The
faith interface captures IPv6 TCP traffic, for implementing userland IPv6-to-IPv4 TCP relay like
faithd(8).
faith interfaces are dynamically created and destroyed with the
ifconfig(8) create and
destroy subcommands.
Special action will be taken when IPv6 TCP traffic is seen on a router, and the routing table suggests to route it to the
faith interface. In this case, the packet will be accepted by the router, regardless of the list of IPv6 interface addresses assigned to the router. The packet will be captured by an IPv6 TCP socket, if it has the
IN6P_FAITH flag turned on and matching address/port pairs. As a result,
faith will let you capture IPv6 TCP traffic to some specific destination addresses. Userland programs, such as
faithd(8) can use this behavior to relay IPv6 TCP traffic to IPv4 TCP traffic. The program can accept some specific IPv6 TCP traffic, perform
getsockname(2) to get the IPv6 destination address specified by the client, and perform application-specific address mapping to relay IPv6 TCP to IPv4 TCP.

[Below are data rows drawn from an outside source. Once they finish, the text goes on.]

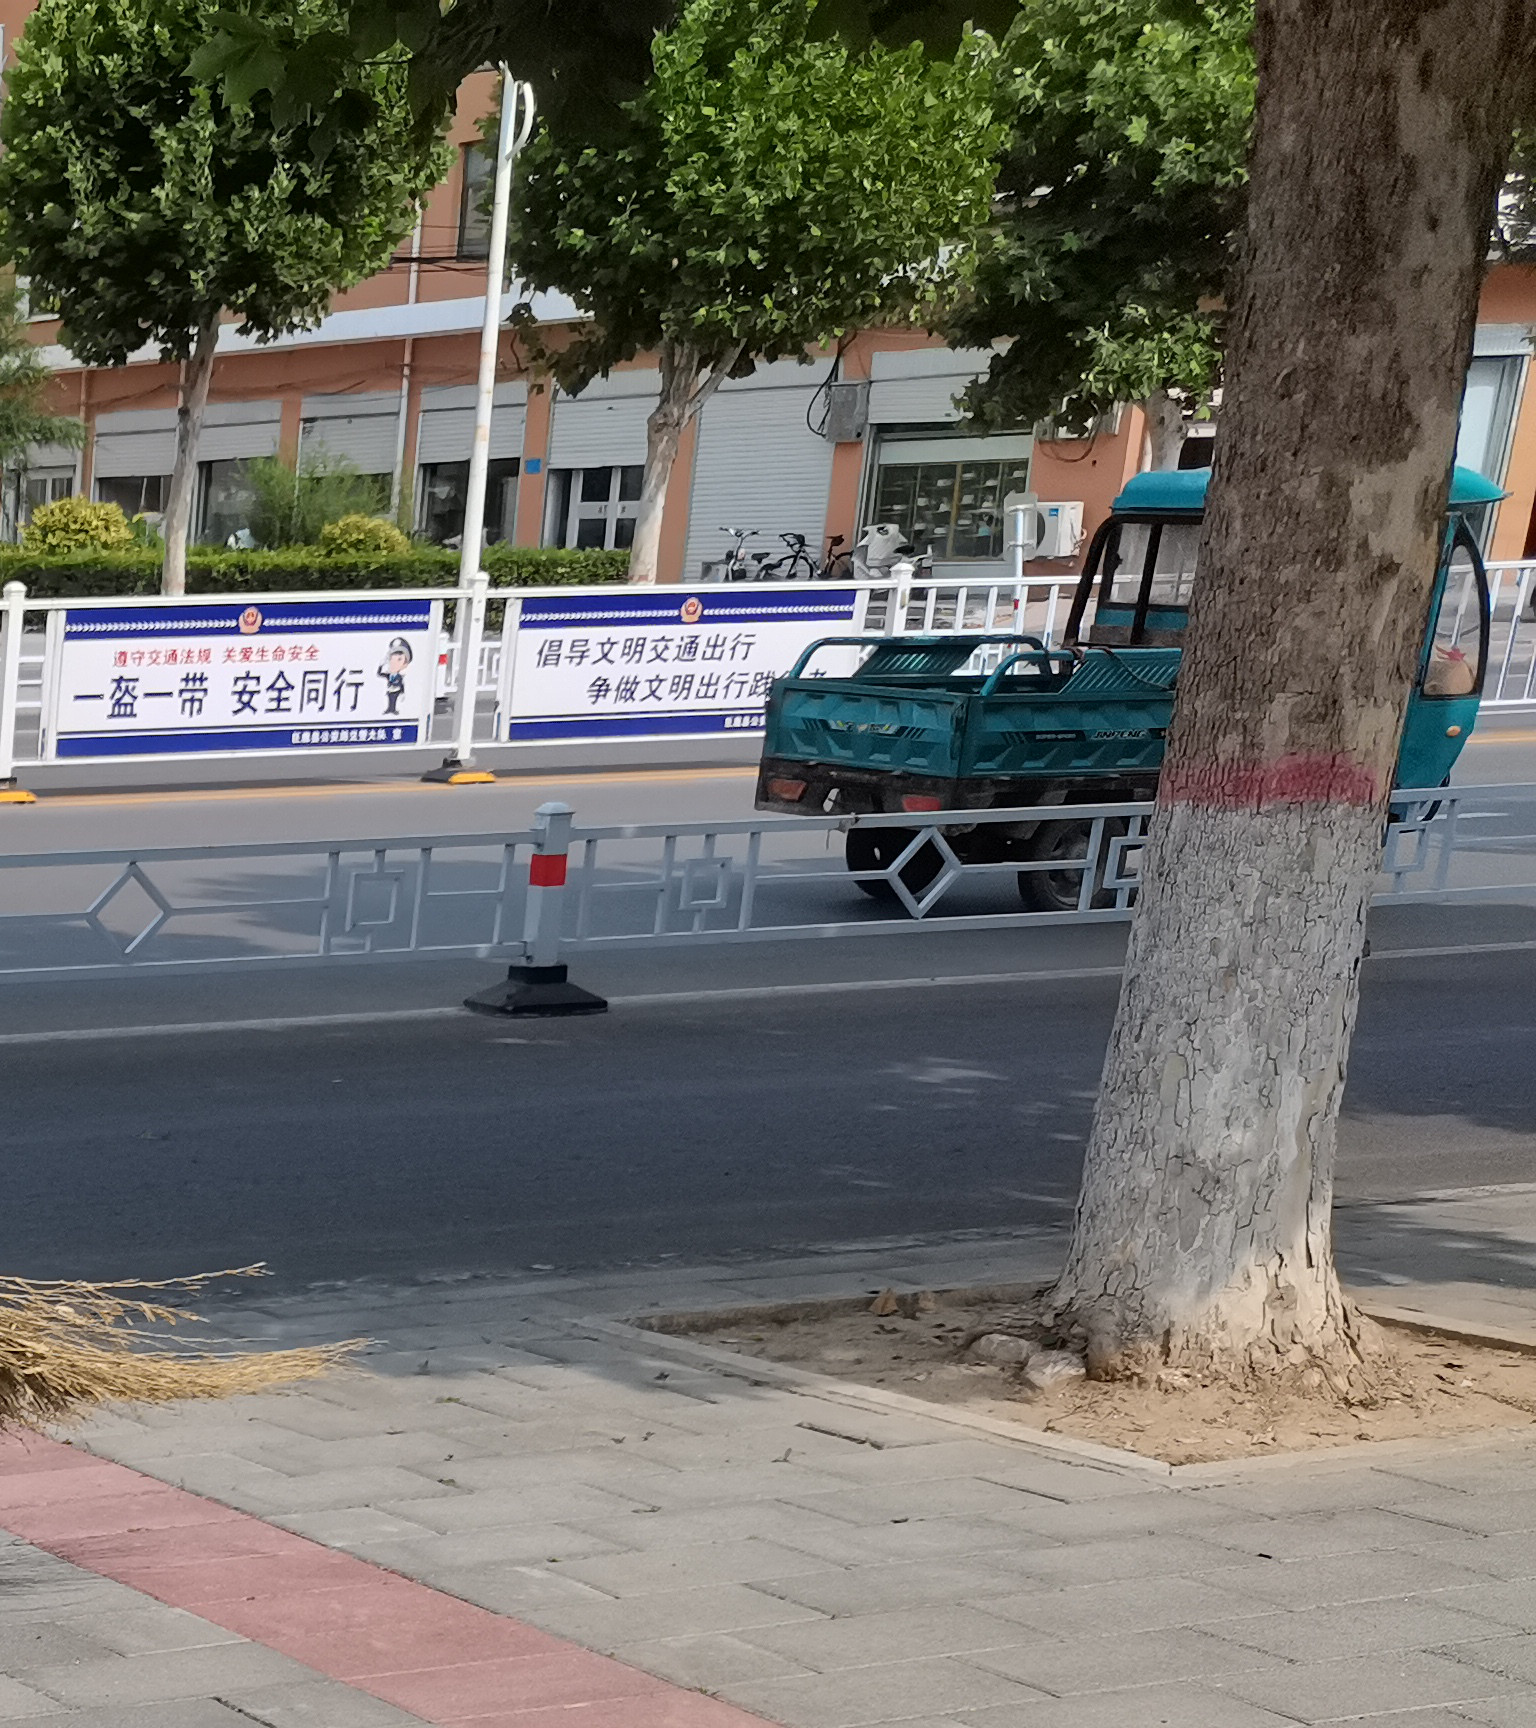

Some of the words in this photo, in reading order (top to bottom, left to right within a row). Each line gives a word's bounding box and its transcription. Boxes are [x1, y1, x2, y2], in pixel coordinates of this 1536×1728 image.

[112, 648, 213, 668] 遵守交通法规
[222, 643, 320, 665] 关爱生命安全
[536, 632, 757, 668] 倡导文明交通出行
[73, 671, 209, 719] 一盔一带
[231, 667, 365, 717] 安全同行
[586, 665, 826, 706] 争做文明出行践

IN6P_FAITH flag on an IPv6 TCP socket can be set by using
setsockopt(2), with level
IPPROTO_IPV6 and optname
IPv6_FAITH.
To handle error reports by ICMPv6, some ICMPv6 packets routed to an
faith interface will be delivered to IPv6 TCP, as well.
To understand how
faith can be used, take a look at the source code of
faithd(8).
As the
faith interface implements potentially dangerous operations, great care must be taken when configuring it. To avoid possible misuse, the
sysctl(8) variable
net.inet6.ip6.keepfaith must be set to
1 prior to using the interface. When
net.inet6.ip6.keepfaith is
0, no packets will be captured by the
faith interface.
The
faith interface is intended to be used on routers, not on hosts.